March 28th, 2017
Let’s protect investors from risky startups: Roseman
The Ontario Securities Commission wants to let you invest in startup firms over the Internet. But its embrace of crowdfunding has risks.
In the 1990s, many Canadians were urged to put their retirement savings into labour-sponsored venture capital funds.
It seemed like a no-brainer to receive $1,500 back on a $5,000 purchase because of federal and provincial tax credits. And the RRSP tax deduction reduced your cost even further.
The only thing wrong with this scenario was that labour-sponsored funds had mediocre results. Only a handful made any money at all, even over the eight-year holding period required to avoid repaying the tax credits.
And many funds suspended redemptions after the 2008 stock market crash, leaving investors on the hook for an even longer period.
Labour-sponsored funds flamed out once the provincial tax credits vanished. But a new venture capital idea is making the rounds – one with the potential to part people from their savings in an equally devastating way.
When you pledge money in a crowdfunding campaign, you get rewards, such as a newsletter or a new product when it’s commercially available.
But with equity crowdfunding, you get securities. You become an investor in a startup company.
Here’s the problem: These firms are still searching for a market niche and a pathway to profit. Since their shares are not traded on stock exchanges, they can be hard to sell in a crisis.
The Ontario Securities Commission wants to make it easier to raise capital among small to medium sized enterprises. It plans to release new rules in the first quarter of 2014, with a 90-day comment period before taking effect.
“It will happen,” OSC vice-chair James Turner said in a speech last week to the CFA Institute. “There is a new generation that expects to invest on the Internet. They want regulators to get out of the way.”
The OSC is suggesting possible ways to limit losses for participants:
Your investment is capped at $2,500 in a single issuer or $10,000 in a calendar year.
You have a cooling off period of two business days to withdraw from your investment decision.
You have to go through a registered investment portal to invest, instead of dealing directly with the issuer.
You must sign a form, acknowledging that you understand you may lose your entire investment and you can bear that loss.
“This is extremely high risk capital,” Turner said. “Ninety-nine per cent of startups won’t succeed. You’re not investing for your retirement. We want people to know that.”

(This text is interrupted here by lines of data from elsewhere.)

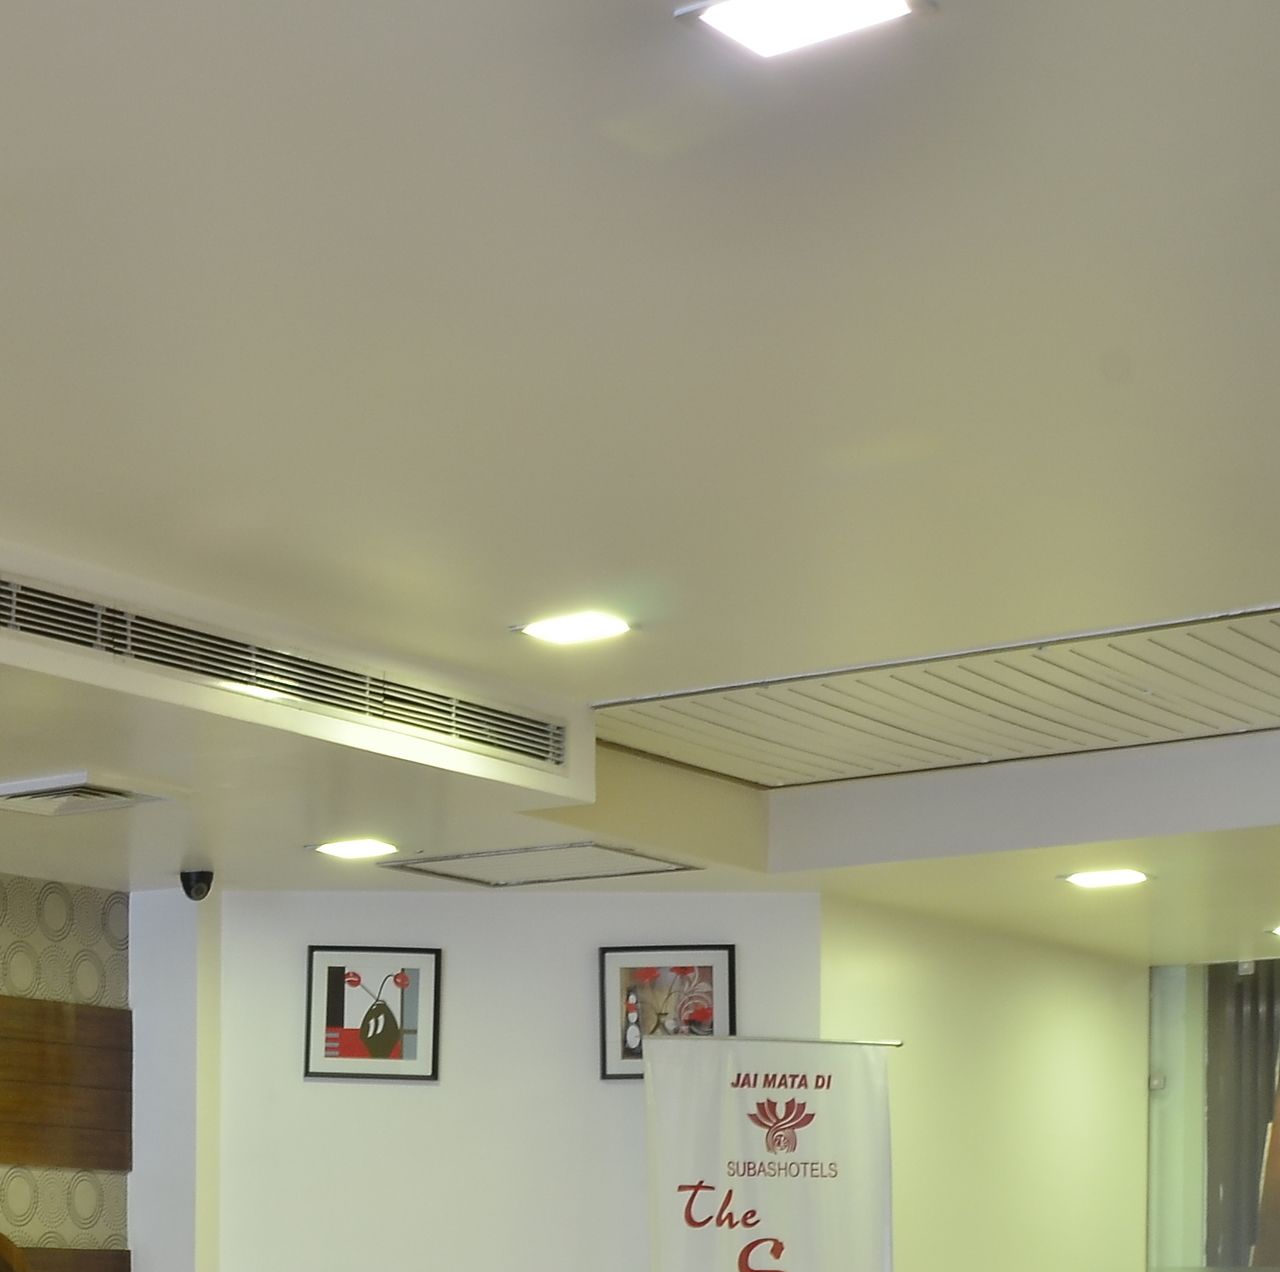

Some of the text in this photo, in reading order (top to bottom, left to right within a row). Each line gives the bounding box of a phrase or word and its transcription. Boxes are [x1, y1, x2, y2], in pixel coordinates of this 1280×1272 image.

[731, 1073, 832, 1090] JAI MATA DI
[727, 1161, 838, 1178] SUBASHOTELS
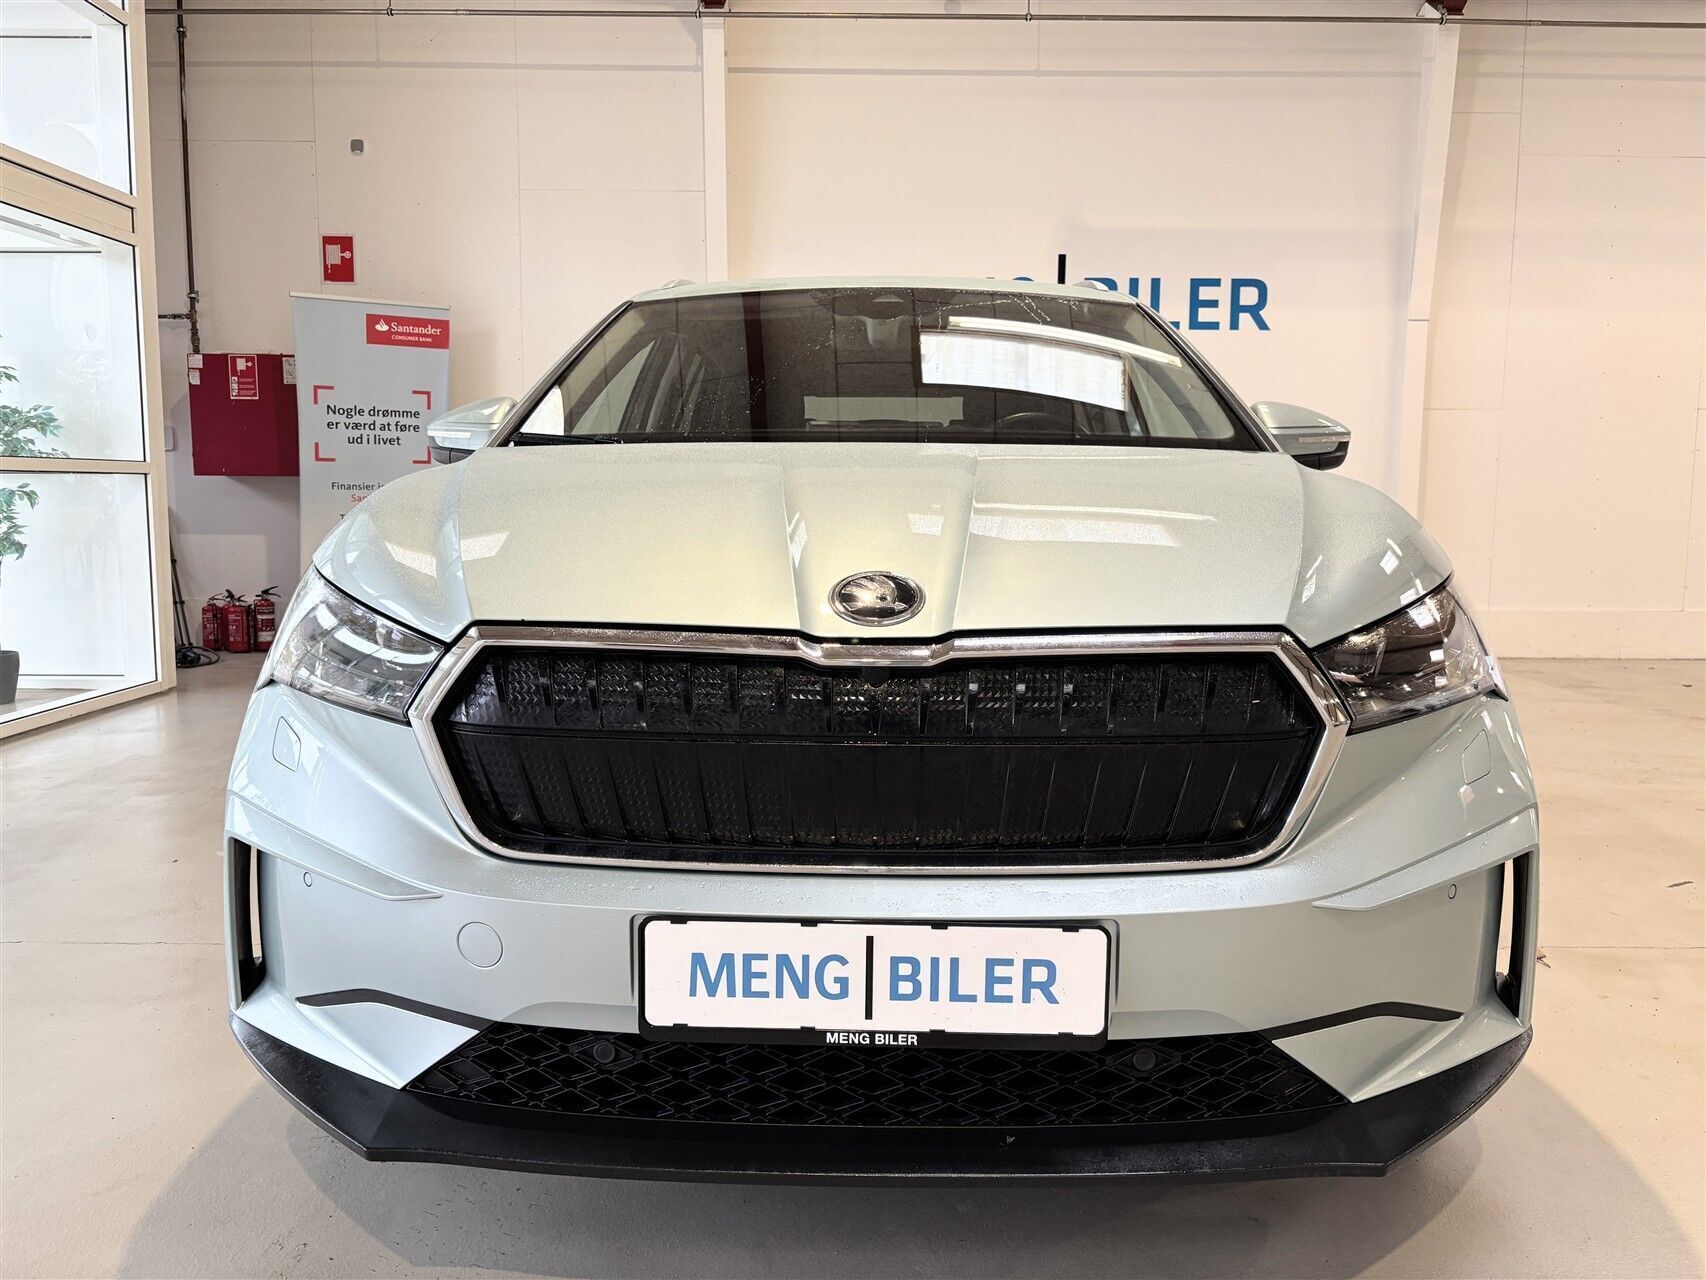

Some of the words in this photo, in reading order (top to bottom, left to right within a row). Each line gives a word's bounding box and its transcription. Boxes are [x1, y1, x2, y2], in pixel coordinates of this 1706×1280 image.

[1084, 277, 1270, 331] LER
[390, 322, 442, 335] Santander
[326, 404, 365, 419] Nogle
[368, 406, 420, 419] drømme
[326, 421, 340, 430] er
[344, 420, 376, 431] værd
[379, 422, 392, 432] at
[395, 421, 420, 433] føre
[347, 433, 363, 445] ud
[367, 434, 370, 445] i
[373, 434, 401, 446] livet
[331, 481, 375, 491] Finansier
[688, 952, 850, 1001] MENG
[889, 955, 1060, 1005] BILER
[826, 1032, 870, 1044] MENG
[874, 1033, 918, 1046] BILER
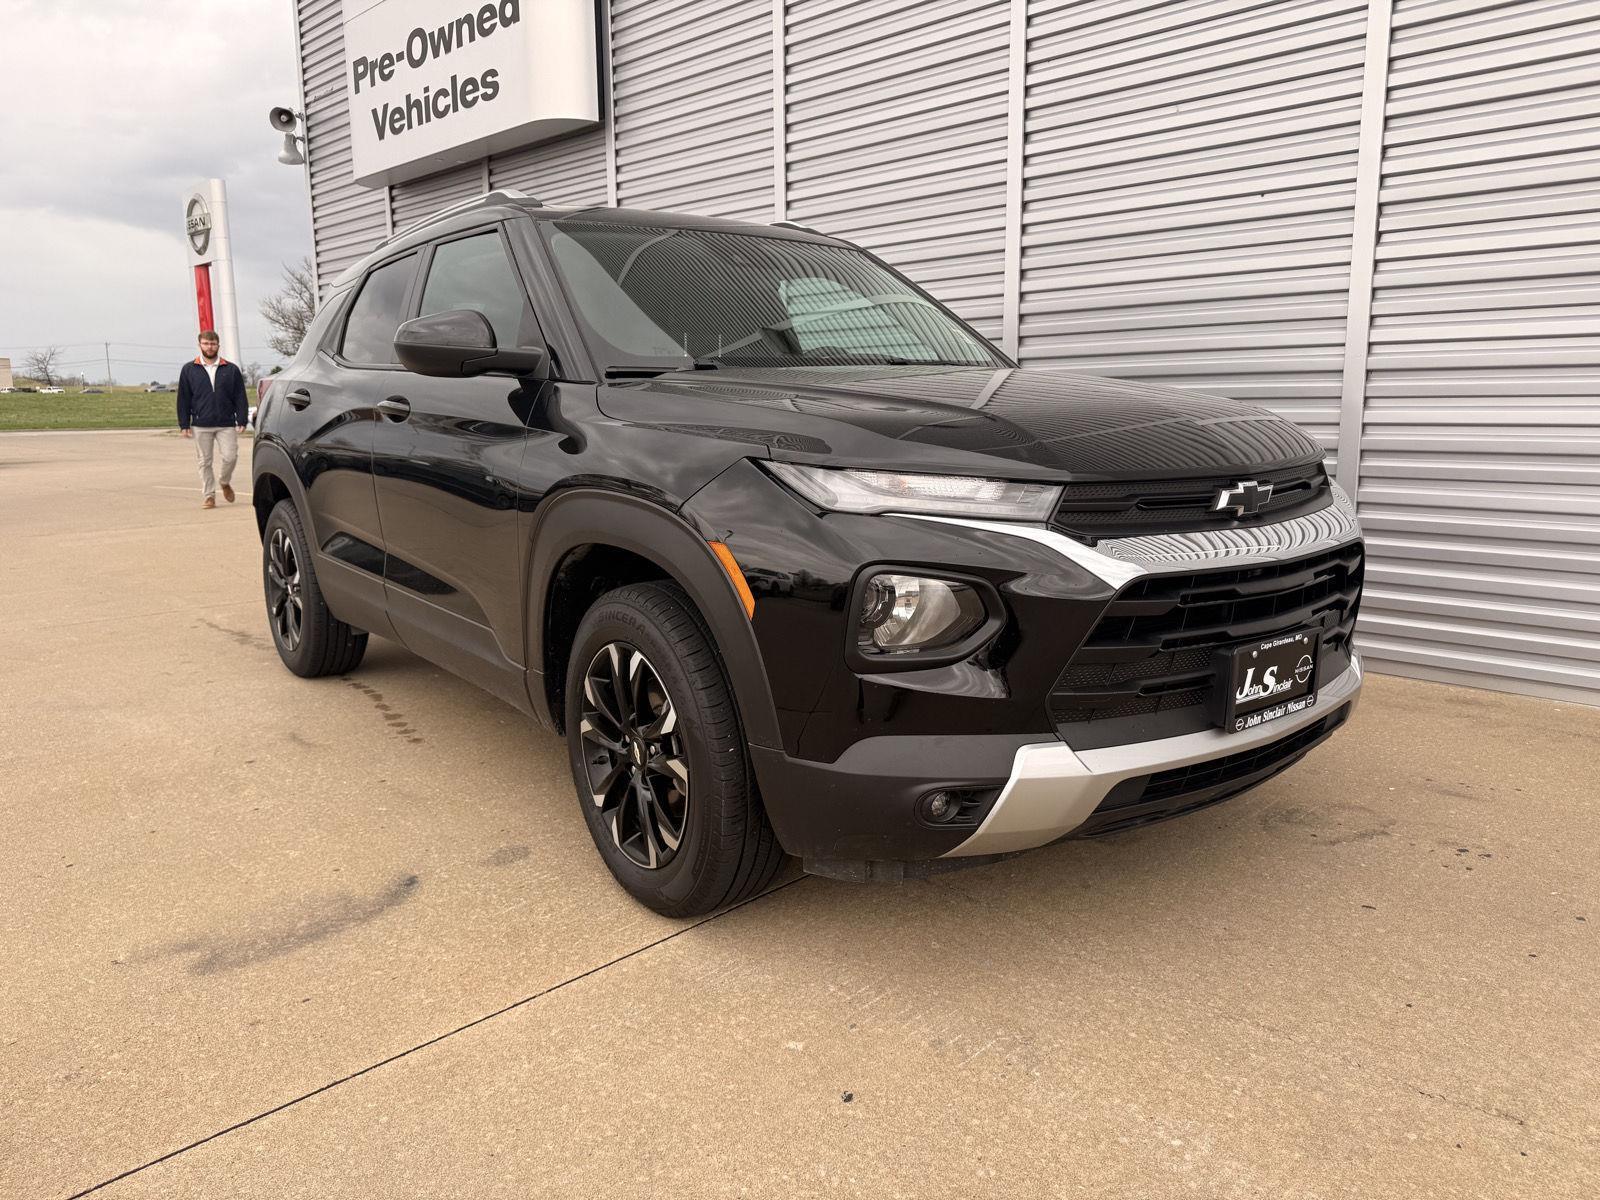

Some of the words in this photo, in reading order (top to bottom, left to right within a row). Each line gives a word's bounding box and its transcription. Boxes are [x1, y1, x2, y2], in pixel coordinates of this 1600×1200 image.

[352, 0, 520, 95] Pre-Owned
[371, 68, 500, 141] Vehicles
[1295, 633, 1303, 641] MO
[1235, 667, 1262, 700] John
[1260, 665, 1294, 697] Sinclair
[1294, 664, 1314, 674] NISSAN
[1245, 715, 1262, 728] John
[1262, 706, 1286, 722] Sinclair
[1286, 700, 1306, 715] Nissan
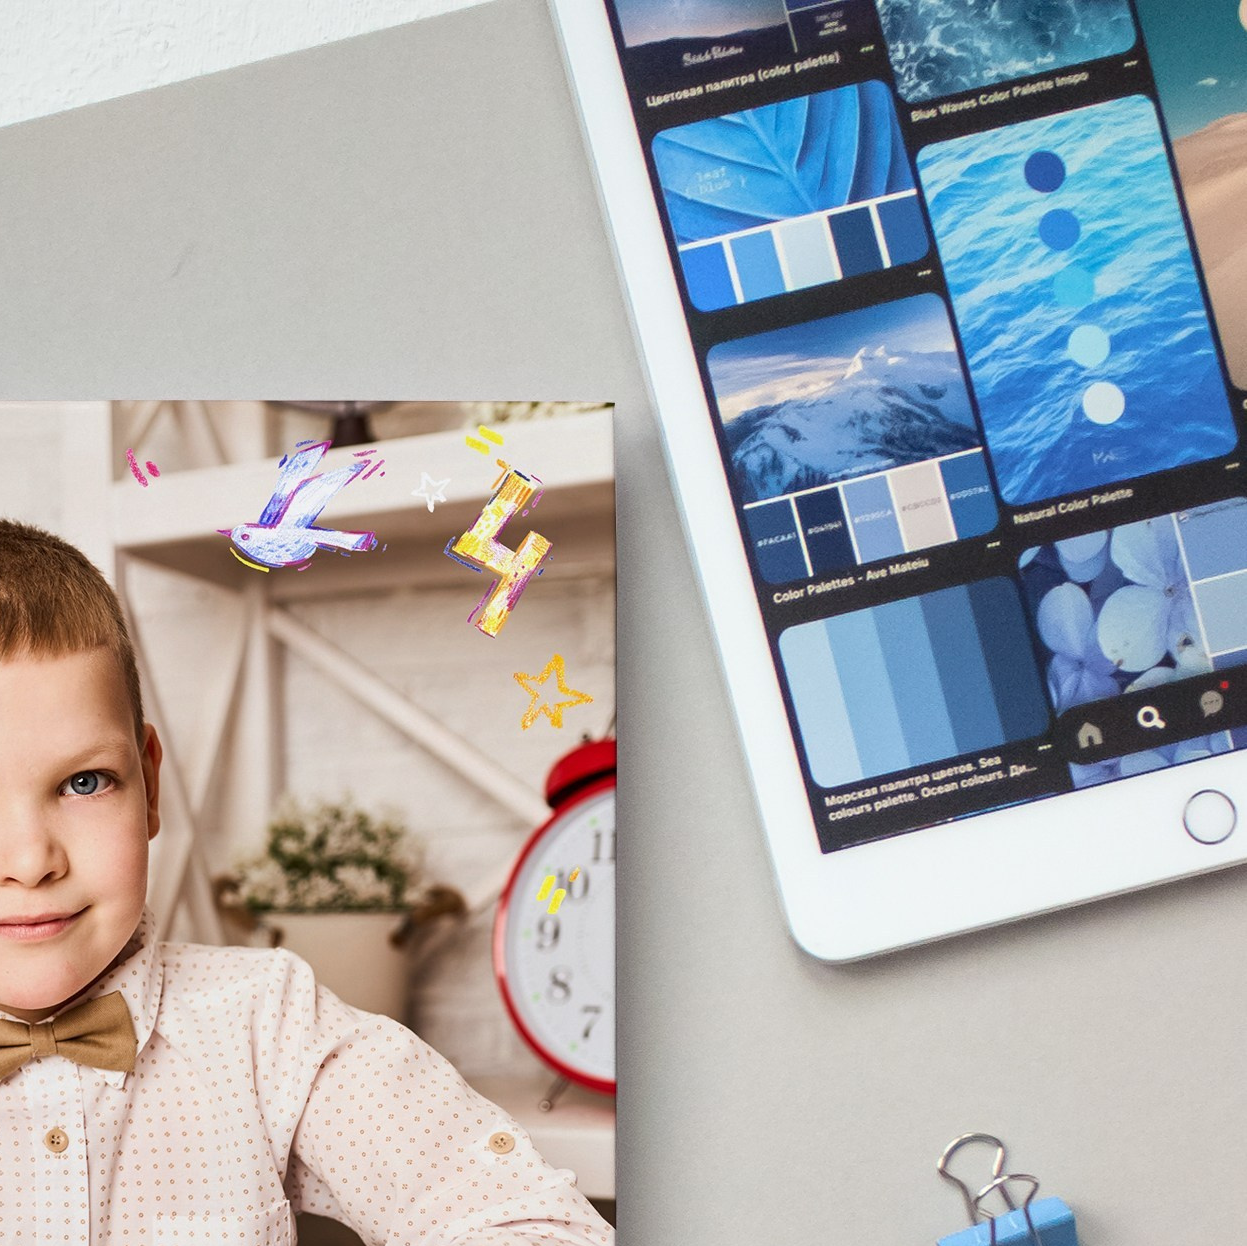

In an OSC survey, 12 per cent of respondents who identified themselves as “low risk investors” expressed a strong interest in crowdfunding. This raised concerns about vulnerability to losses and fraud.
Marian Passmore, policy director at FAIR Canada, listed other ways to protect investors in her speech at the same event:
Limit crowdfunding investments to five per cent of a person’s income or financial assets.
Give investors a statutory right to sue for misrepresentation against the issuer and the registered investment portal. This includes the right to start a class action to seek recovery for losses.
Require issuers to use any capital they raise to expand their business or create jobs within Canada.
Require issuers to supply audited financial statements and tell investors if they plan to use the money they raise in a different way than disclosed in the information statement.